| Aim of the task |
Give the entries again exactly; drop the pictures.

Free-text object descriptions
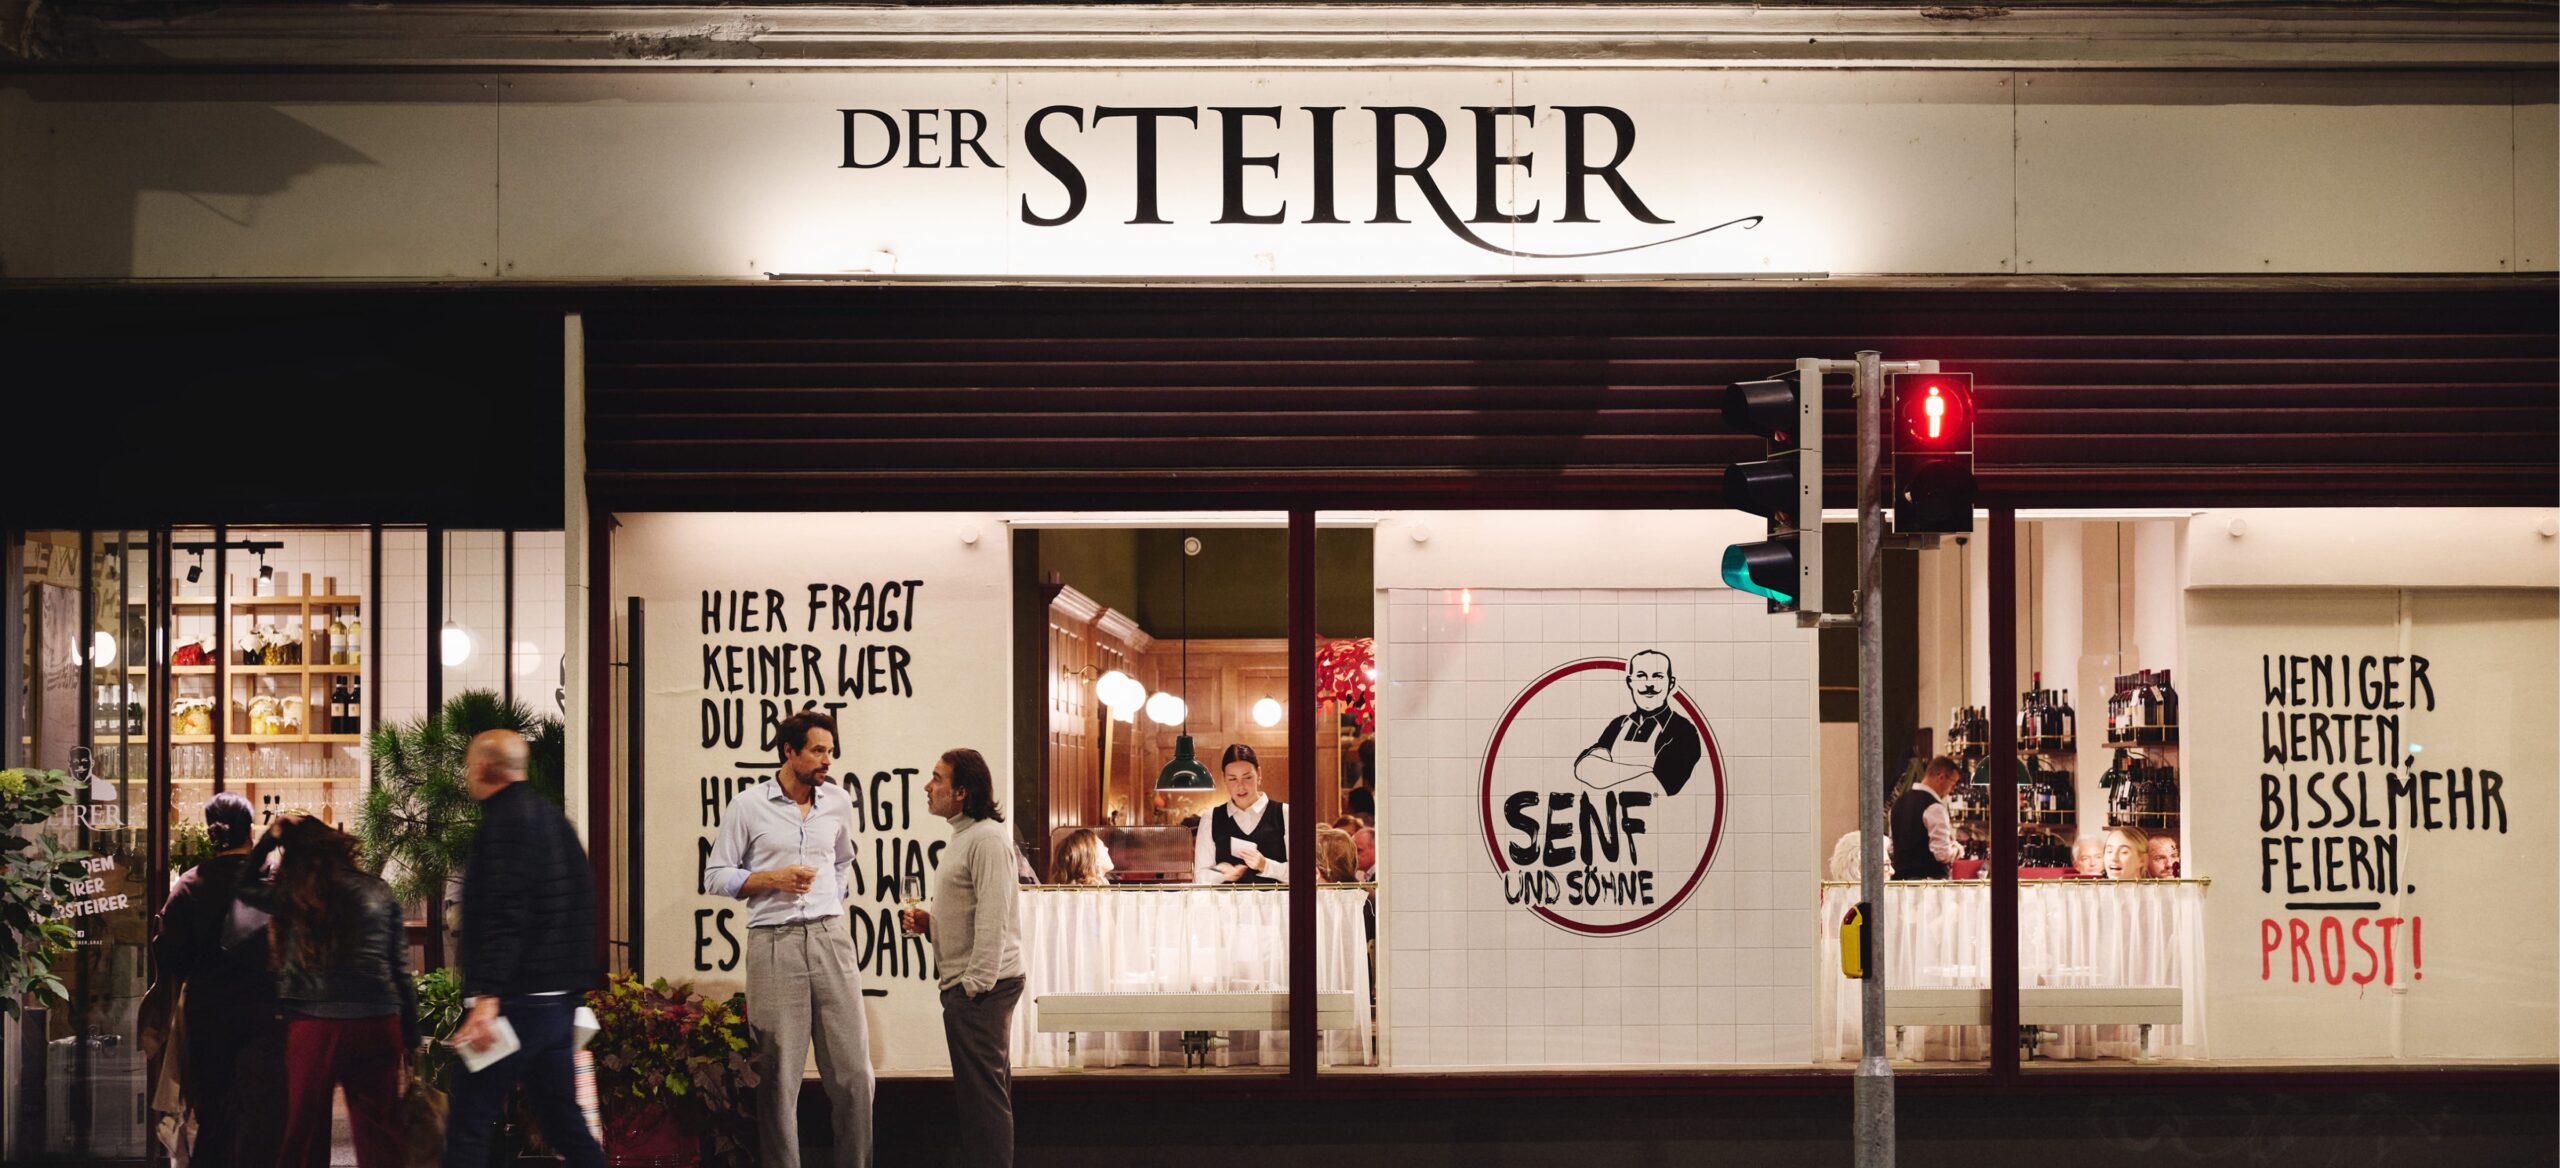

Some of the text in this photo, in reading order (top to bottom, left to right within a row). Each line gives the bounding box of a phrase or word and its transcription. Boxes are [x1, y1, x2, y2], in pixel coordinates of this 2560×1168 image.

[837, 104, 1764, 260] DER STEIRER
[701, 580, 924, 636] HIER FRAGT
[702, 643, 913, 699] KEINER WER
[2263, 653, 2436, 712] WENIGER
[701, 698, 848, 759] DU BT
[1503, 790, 1653, 867] SENF
[1504, 865, 1655, 906] UND SÖHNE
[2261, 833, 2416, 896] FEIERN.
[694, 904, 941, 981] ES DAR
[2261, 916, 2423, 988] PROST!
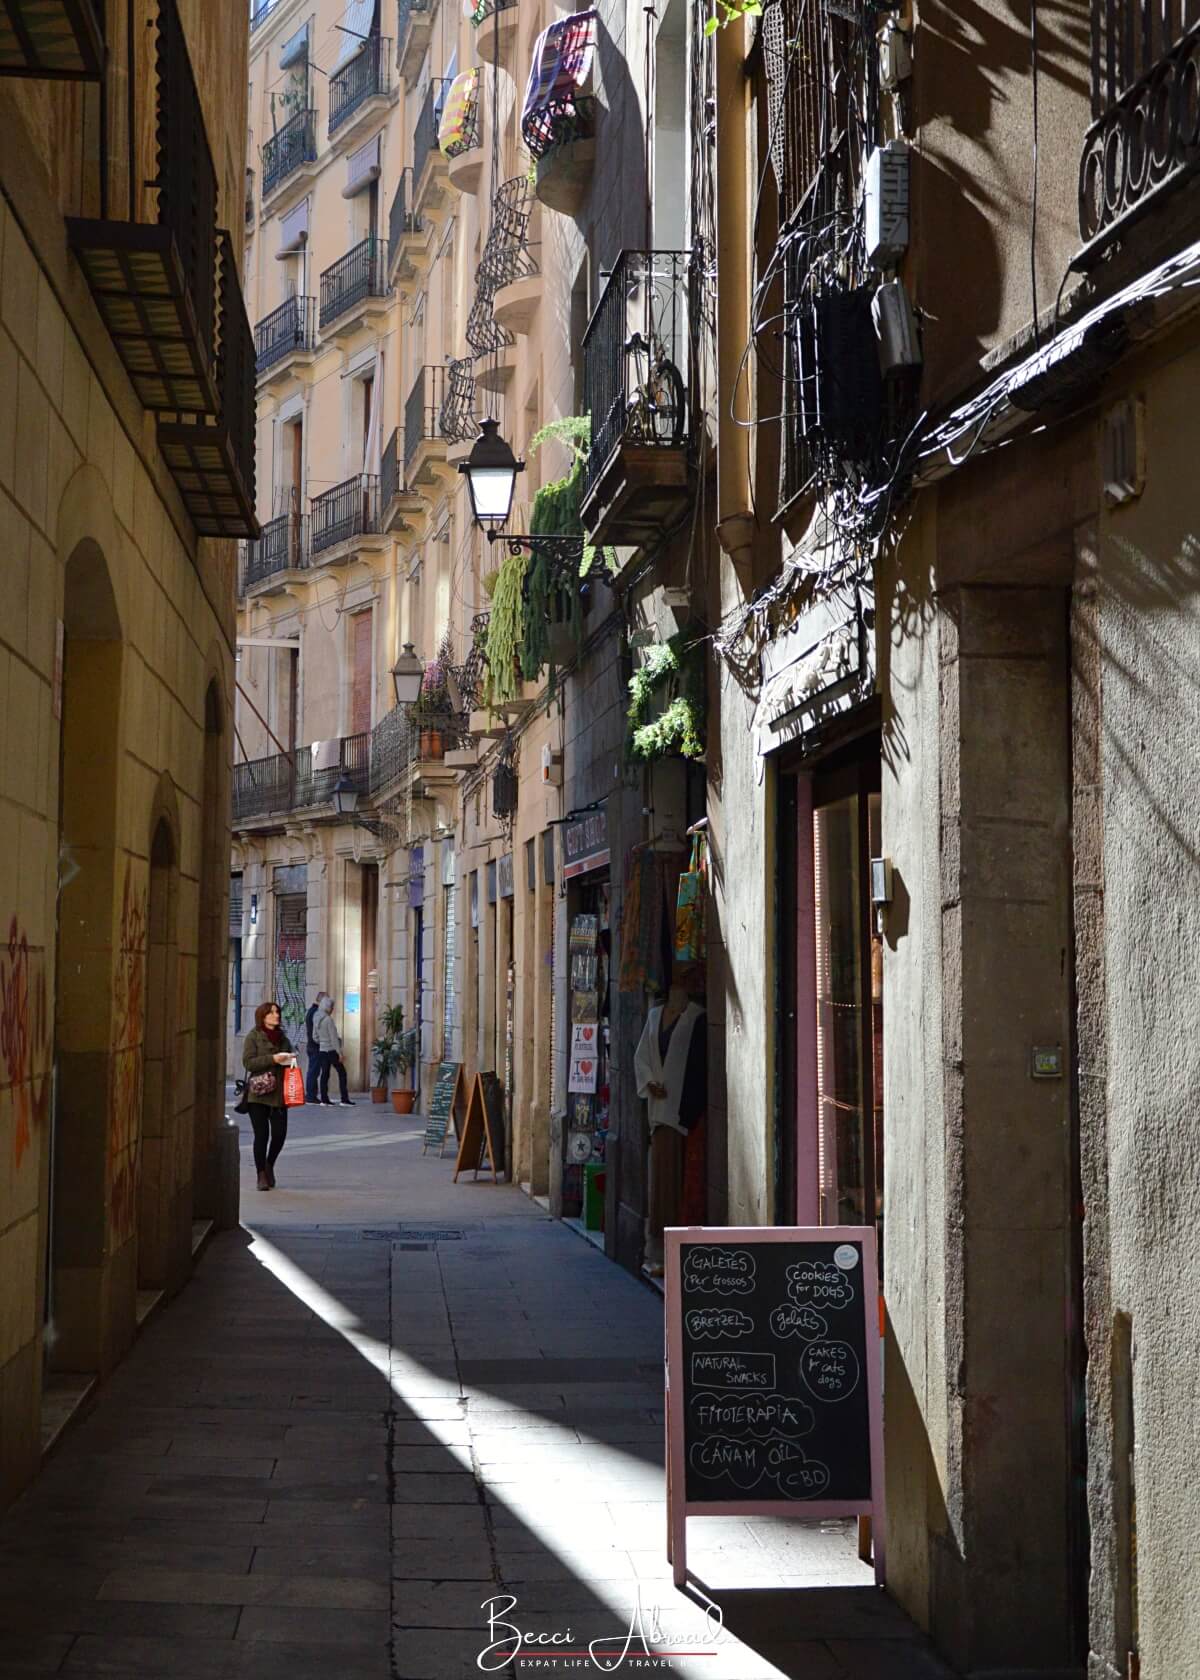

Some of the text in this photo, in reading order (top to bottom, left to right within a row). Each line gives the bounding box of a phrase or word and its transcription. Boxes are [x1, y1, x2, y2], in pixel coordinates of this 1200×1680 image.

[691, 1253, 748, 1272] GALETES
[689, 1273, 710, 1286] Per
[795, 1282, 845, 1299] for DOGS
[690, 1314, 745, 1333] BRETZEL
[776, 1309, 820, 1331] gelats
[808, 1346, 847, 1360] CAKES
[694, 1356, 747, 1372] NATURAL
[821, 1360, 846, 1376] cats
[725, 1373, 768, 1385] SNACKS
[817, 1374, 842, 1389] dogs
[786, 1470, 826, 1487] CBD
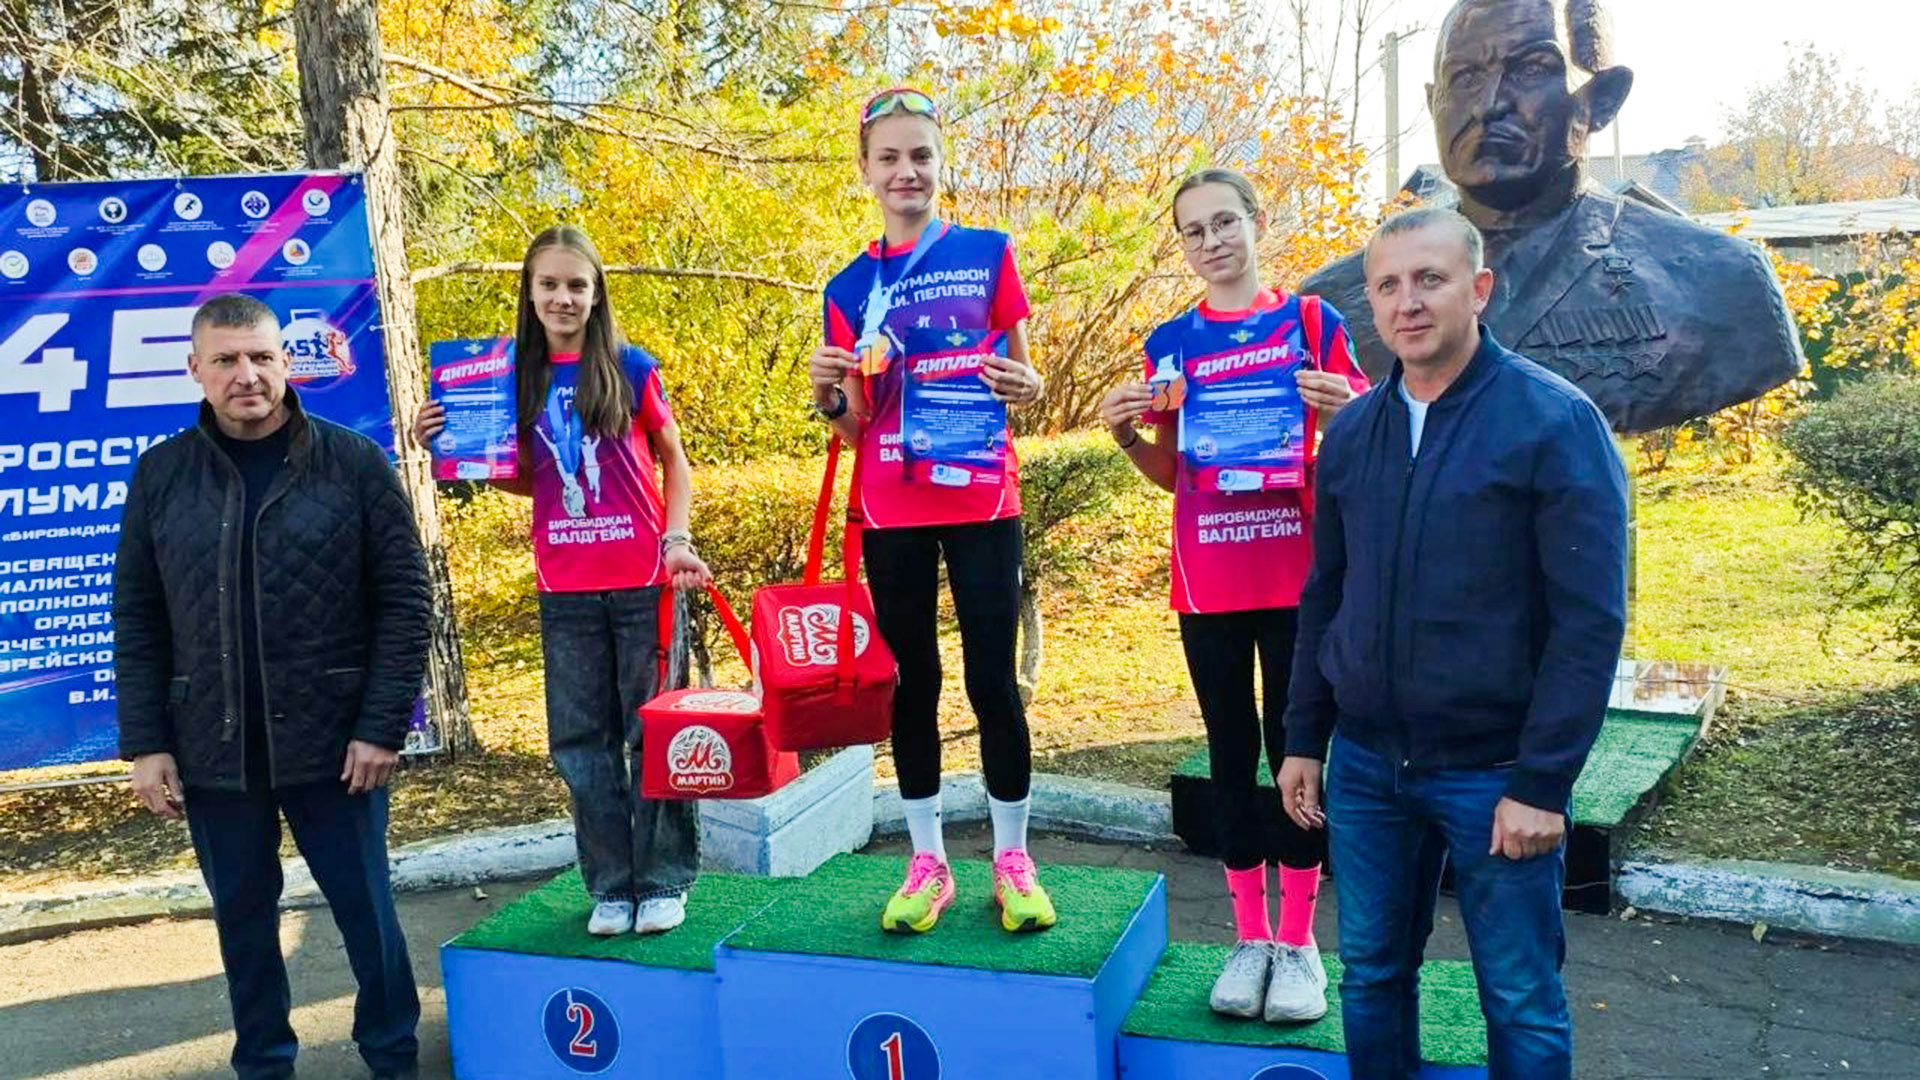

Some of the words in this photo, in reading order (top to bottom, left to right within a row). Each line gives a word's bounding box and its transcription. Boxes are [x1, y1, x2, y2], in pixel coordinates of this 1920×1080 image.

| Expected answer |
Some of the text in this photo, in reading order (top to bottom, left to right within a row). Each line gives the bounding box of a phrase or word and its transcription. Boxes are [x1, y1, x2, y2], in pixel coordinates of this 2560×1168 image.

[837, 104, 1764, 260] DER STEIRER
[701, 580, 924, 636] HIER FRAGT
[702, 643, 913, 699] KEINER WER
[2263, 653, 2436, 712] WENIGER
[701, 698, 848, 759] DU BT
[1503, 790, 1653, 867] SENF
[1504, 865, 1655, 906] UND SÖHNE
[2261, 833, 2416, 896] FEIERN.
[694, 904, 941, 981] ES DAR
[2261, 916, 2423, 988] PROST!

Some of the text in this photo, in reading order (top to bottom, left to right within a row). Each line gives the bounding box of a phrase or word and its transcription. Boxes are [x1, y1, x2, y2], in pixel coordinates of this 1200×1680 image.

[691, 1253, 748, 1272] GALETES
[689, 1273, 710, 1286] Per
[795, 1282, 845, 1299] for DOGS
[690, 1314, 745, 1333] BRETZEL
[776, 1309, 820, 1331] gelats
[808, 1346, 847, 1360] CAKES
[694, 1356, 747, 1372] NATURAL
[821, 1360, 846, 1376] cats
[725, 1373, 768, 1385] SNACKS
[817, 1374, 842, 1389] dogs
[786, 1470, 826, 1487] CBD

Some of the words in this photo, in reading order (top to bottom, left to right within a row). Each line gives a word's bounding box and its transcription. Boxes are [x1, y1, x2, y2], in pixel coordinates of this 1920×1080 image.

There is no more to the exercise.